Southern Oregonians need to know that farmland in our region is being rapidly lost to non-agricultural uses — but that there are solutions. Once land is converted away from agricultural use, it rarely returns, so the best path forward is to provide voluntary tools that help farmers and ranchers keep their working landscapes working. We read last Tuesday’s article “Acreage is down, but number of farms is up” about the recently released data from the U.S. Department of Agriculture’s Census of Agriculture. We applaud the Mail Tribune’s coverage of this important trend and feel that it is important to share policy solutions.

The best available approach to address farmland loss is to fund the Oregon Agricultural Heritage Program (OAHP). OAHP was developed through broad input from diverse stakeholder groups such as the Oregon Farm Bureau, the Coalition of Oregon Land Trusts, the Oregon Cattlemen’s Association, and others. The program is designed to conserve Oregon’s working farms and ranches and valuable habitat on those lands. If the Oregon Legislature funds the program this legislative session, landowners will soon be able to apply for grants to fund conservation easements and covenants, succession planning, and conservation management planning.

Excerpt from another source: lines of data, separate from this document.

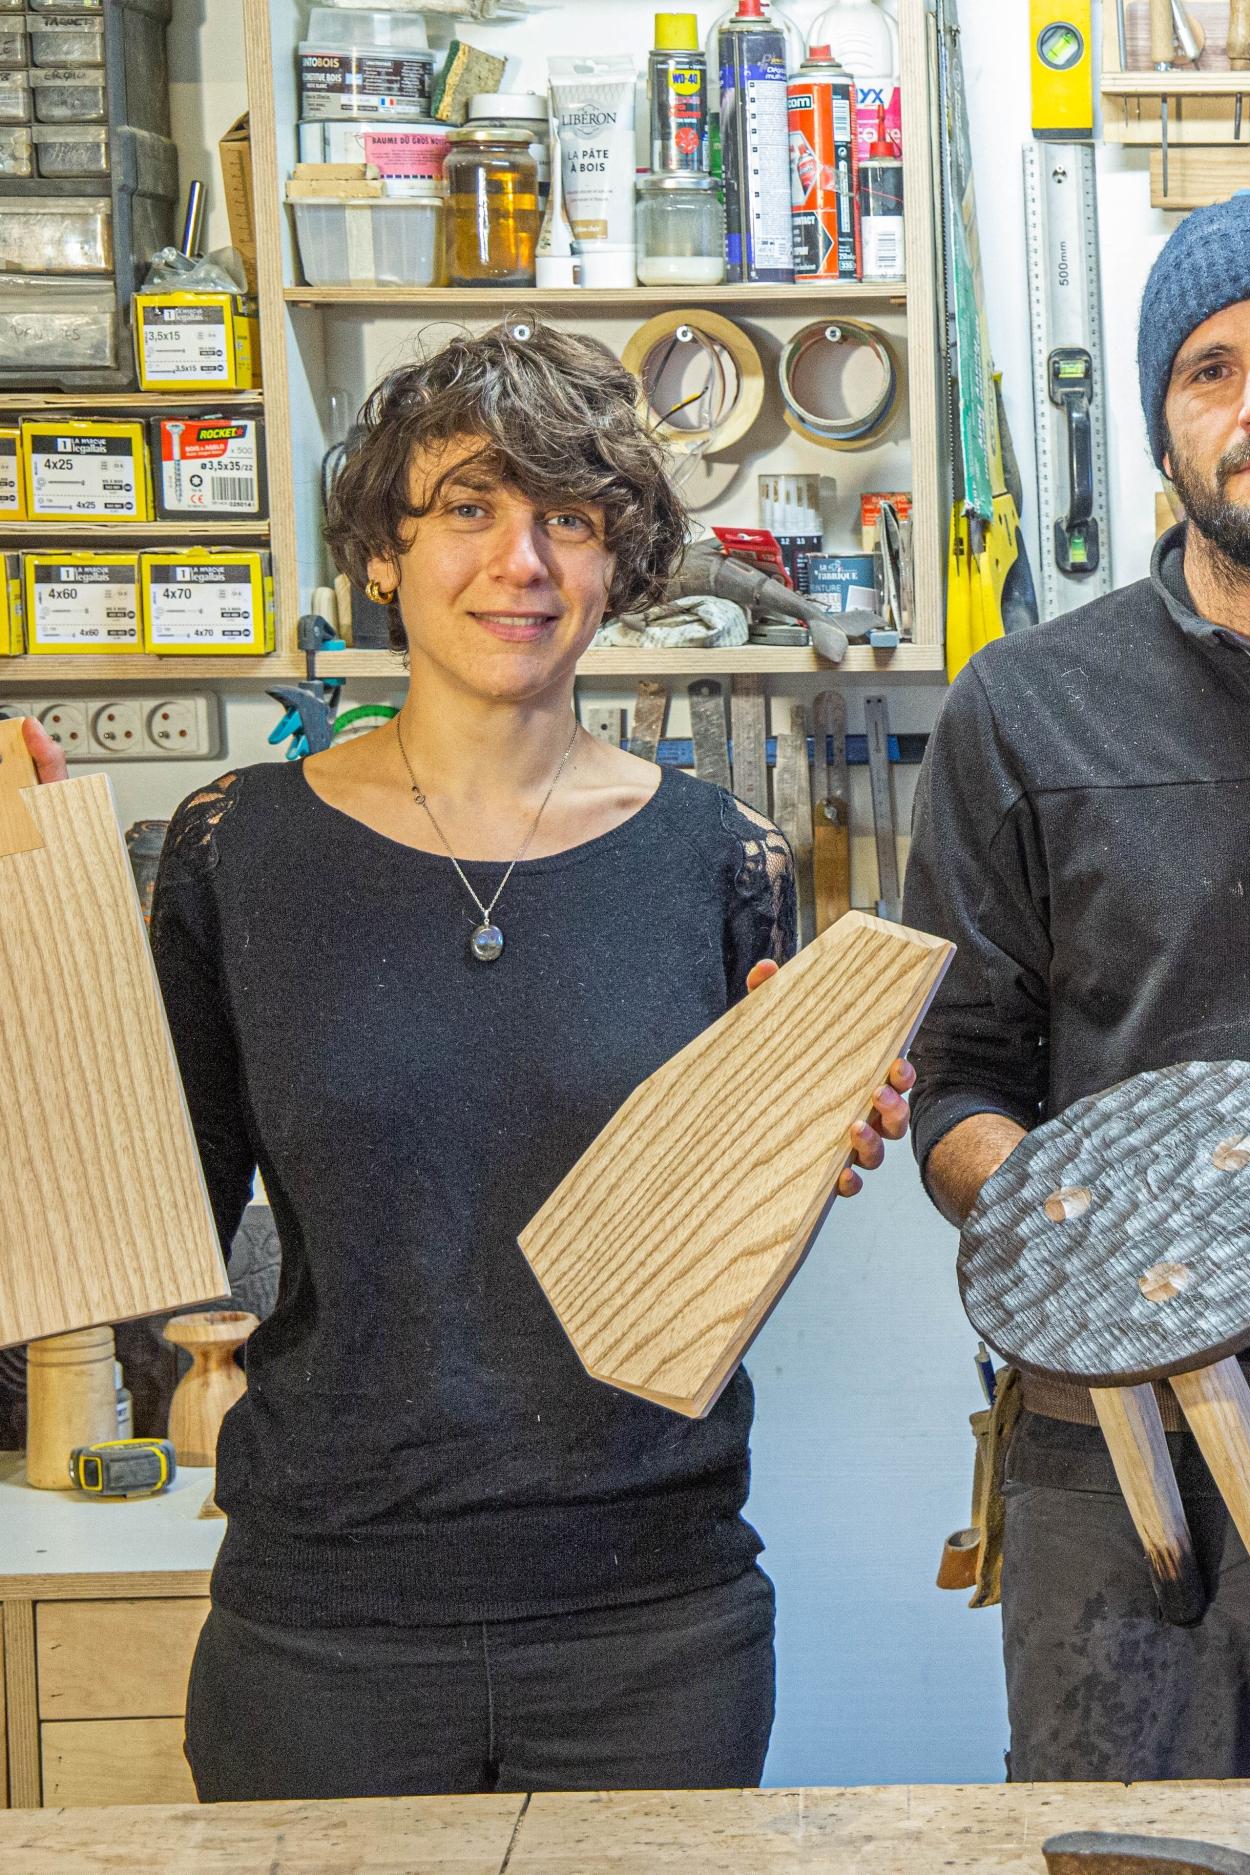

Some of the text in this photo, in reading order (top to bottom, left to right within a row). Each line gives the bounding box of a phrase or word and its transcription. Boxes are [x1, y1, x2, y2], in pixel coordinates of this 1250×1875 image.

[672, 73, 698, 84] WD-40
[856, 88, 883, 103] YX
[562, 111, 617, 126] LIBÉRON
[372, 136, 398, 145] BAUME
[567, 148, 609, 161] LA PÂTE
[580, 162, 606, 173] BOIS
[1058, 241, 1070, 286] 500mm
[148, 331, 181, 342] 3,5x15
[175, 365, 197, 373] 3,5x15
[199, 427, 237, 440] ROCKET
[44, 458, 74, 471] 4x25
[76, 501, 97, 510] 4x25
[48, 588, 78, 600] 4x60
[163, 588, 192, 600] 4x70
[79, 628, 100, 637] 4x60
[194, 629, 214, 637] 4x70

By funding the program, conservation projects in Oregon will become more competitive for agricultural land conservation grants from the federal government. The amount available for these grants recently doubled to $450 million with the passage of the 2018 Farm Bill, so Oregon risks leaving millions of federal dollars on the table if it does not provide a state funding source for this important conservation work on private lands.

Even with Oregon’s land use laws, the data clearly shows that our agricultural lands continue to be fragmented and converted to other uses. These changes threaten the viability of agricultural operations and rural economies, fracture habitat and migratory corridors, and remove natural water quality benefits.

Please reach out to your legislators to let them know that continued loss of farmland is an urgent problem and that we cannot wait another legislative session to make these key investments. Urge them to support House Bill 2729 — the funding bill for the Oregon Agricultural Heritage Program. In this tight budget environment, your priorities matter to legislators. Together, we can stem the tide of farmland loss and protect the fabric of rural communities in Southern Oregon and beyond.

Cathy Dombi is executive director of the Southern Oregon Land Conservancy, an organization that protects and enhances land in the Rogue River region. Stu O’Neill is executive director of Rogue Farm Corps, an organization that trains and equips the next generation of farmers and ranchers through hands-on educational programs and the preservation of farmland.